■ **Prompt**:
From the first line to the last, copy the listing exactly and omit the images.

--

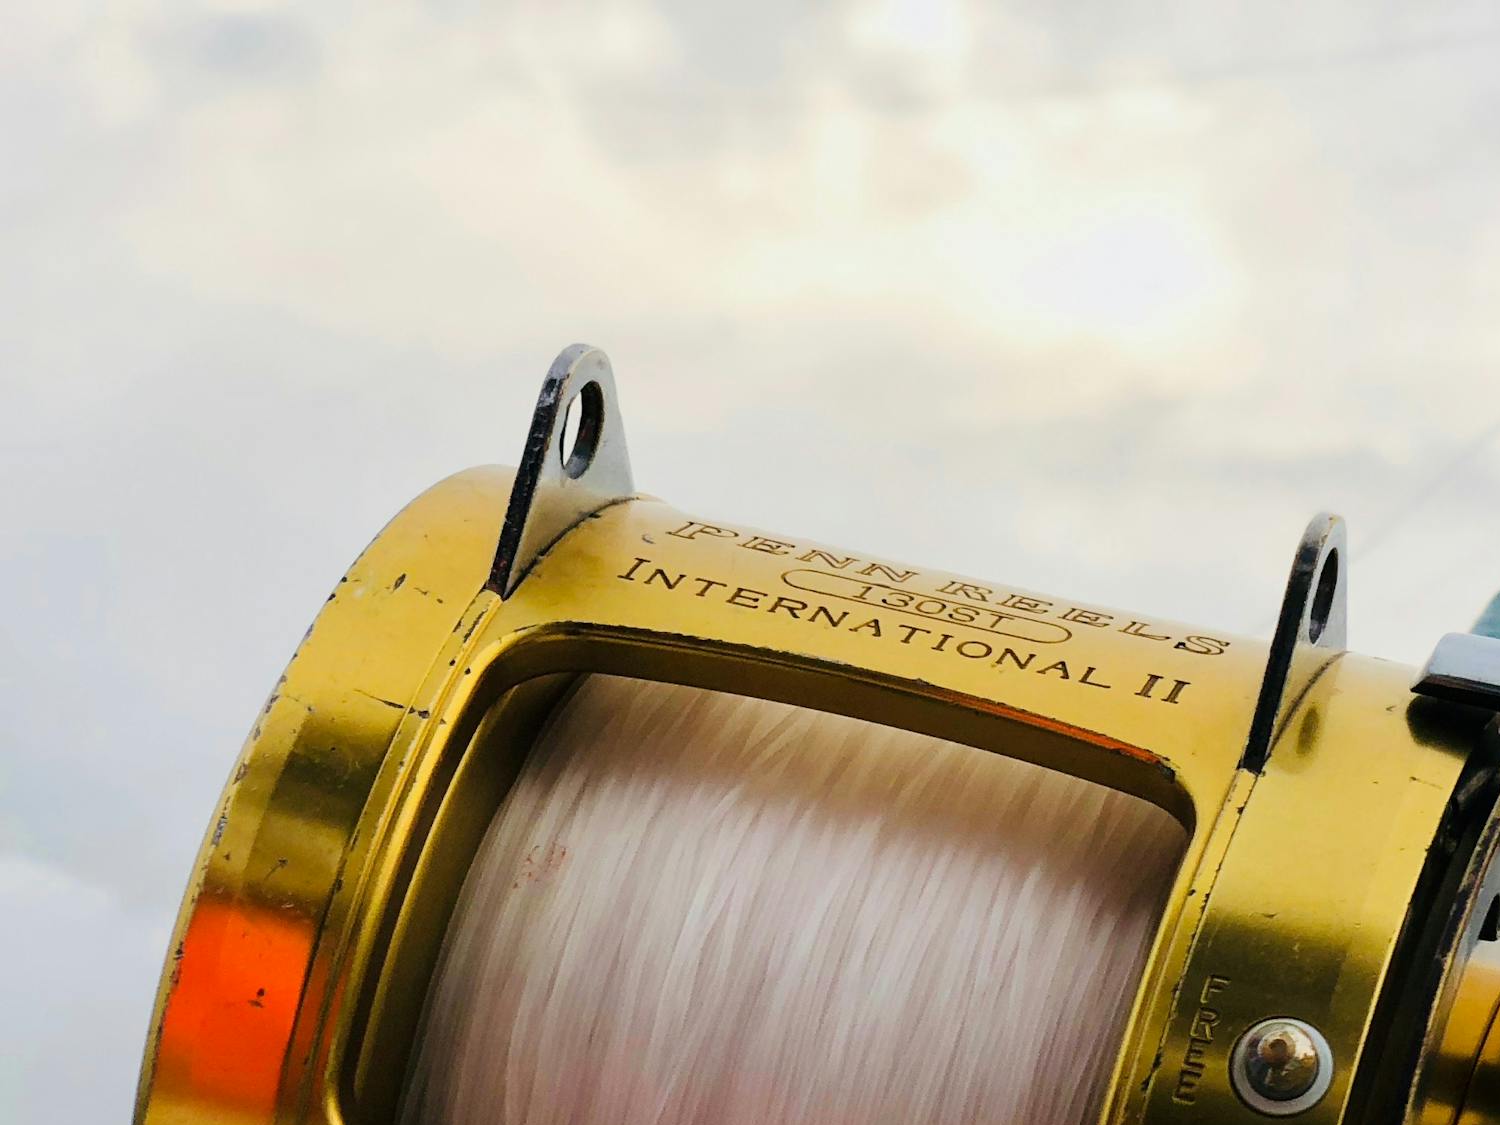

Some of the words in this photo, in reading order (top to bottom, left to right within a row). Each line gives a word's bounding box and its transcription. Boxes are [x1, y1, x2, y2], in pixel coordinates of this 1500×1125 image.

[617, 557, 1112, 690] INTERNATIONAL
[1135, 673, 1190, 704] II
[666, 520, 919, 584] PENN
[935, 580, 1231, 656] REELS
[852, 585, 1016, 630] 130ST
[1172, 974, 1231, 1105] FREE
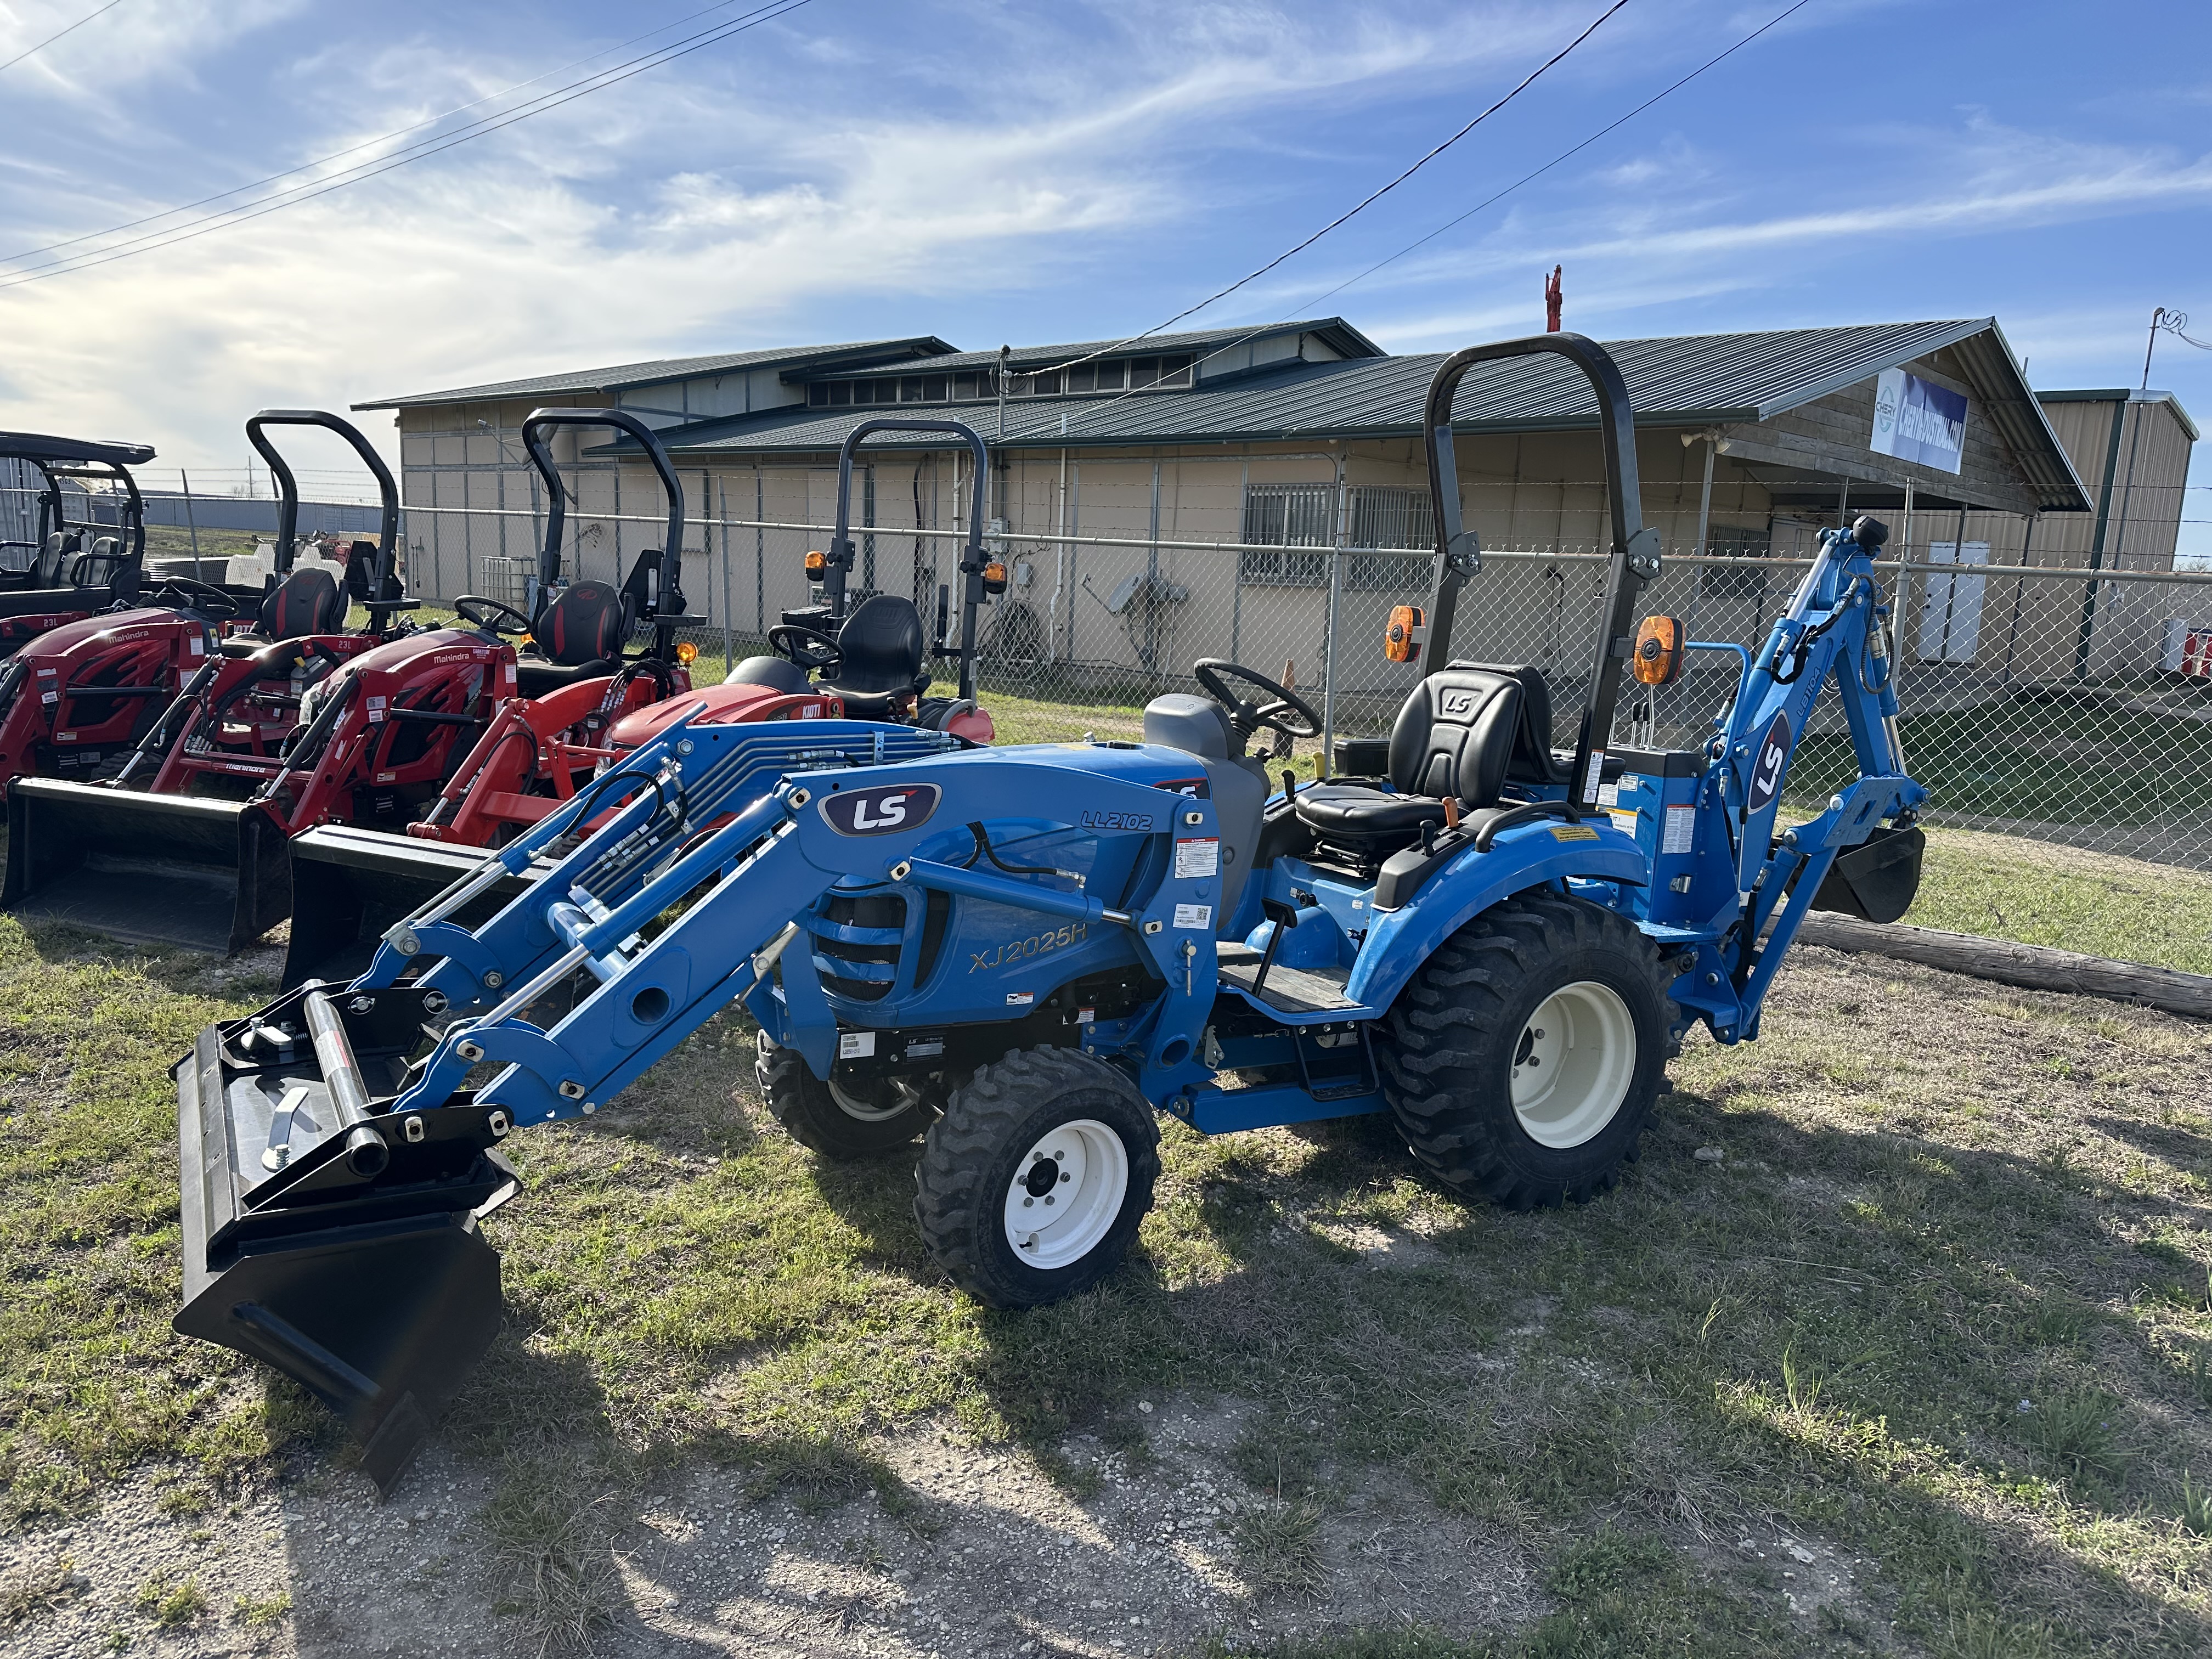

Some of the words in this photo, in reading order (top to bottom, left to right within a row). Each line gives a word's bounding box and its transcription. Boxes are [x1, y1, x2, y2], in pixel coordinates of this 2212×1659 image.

[1876, 401, 1896, 417] CHERY
[43, 618, 58, 627] 23L
[338, 640, 351, 649] 23L
[1797, 666, 1821, 718] LB1104
[802, 703, 821, 719] KIOTI
[1444, 693, 1472, 713] LS
[1757, 742, 1783, 795] LS
[853, 794, 906, 830] LS
[1080, 810, 1153, 832] LL2102
[967, 922, 1088, 975] XJ2025H

--

■ **Final answer**:
Some of the words in this photo, in reading order (top to bottom, left to right within a row). Each line gives a word's bounding box and its transcription. Boxes are [x1, y1, x2, y2], in pixel coordinates of this 1500×1125 image.

[617, 557, 1112, 690] INTERNATIONAL
[1135, 673, 1190, 704] II
[666, 520, 919, 584] PENN
[935, 580, 1231, 656] REELS
[852, 585, 1016, 630] 130ST
[1172, 974, 1231, 1105] FREE

Some of the words in this photo, in reading order (top to bottom, left to right within a row). Each line gives a word's bounding box and its transcription. Boxes are [x1, y1, x2, y2], in pixel coordinates of this 2212×1659 image.

[1876, 401, 1896, 417] CHERY
[43, 618, 58, 627] 23L
[338, 640, 351, 649] 23L
[1797, 666, 1821, 718] LB1104
[802, 703, 821, 719] KIOTI
[1444, 693, 1472, 713] LS
[1757, 742, 1783, 795] LS
[853, 794, 906, 830] LS
[1080, 810, 1153, 832] LL2102
[967, 922, 1088, 975] XJ2025H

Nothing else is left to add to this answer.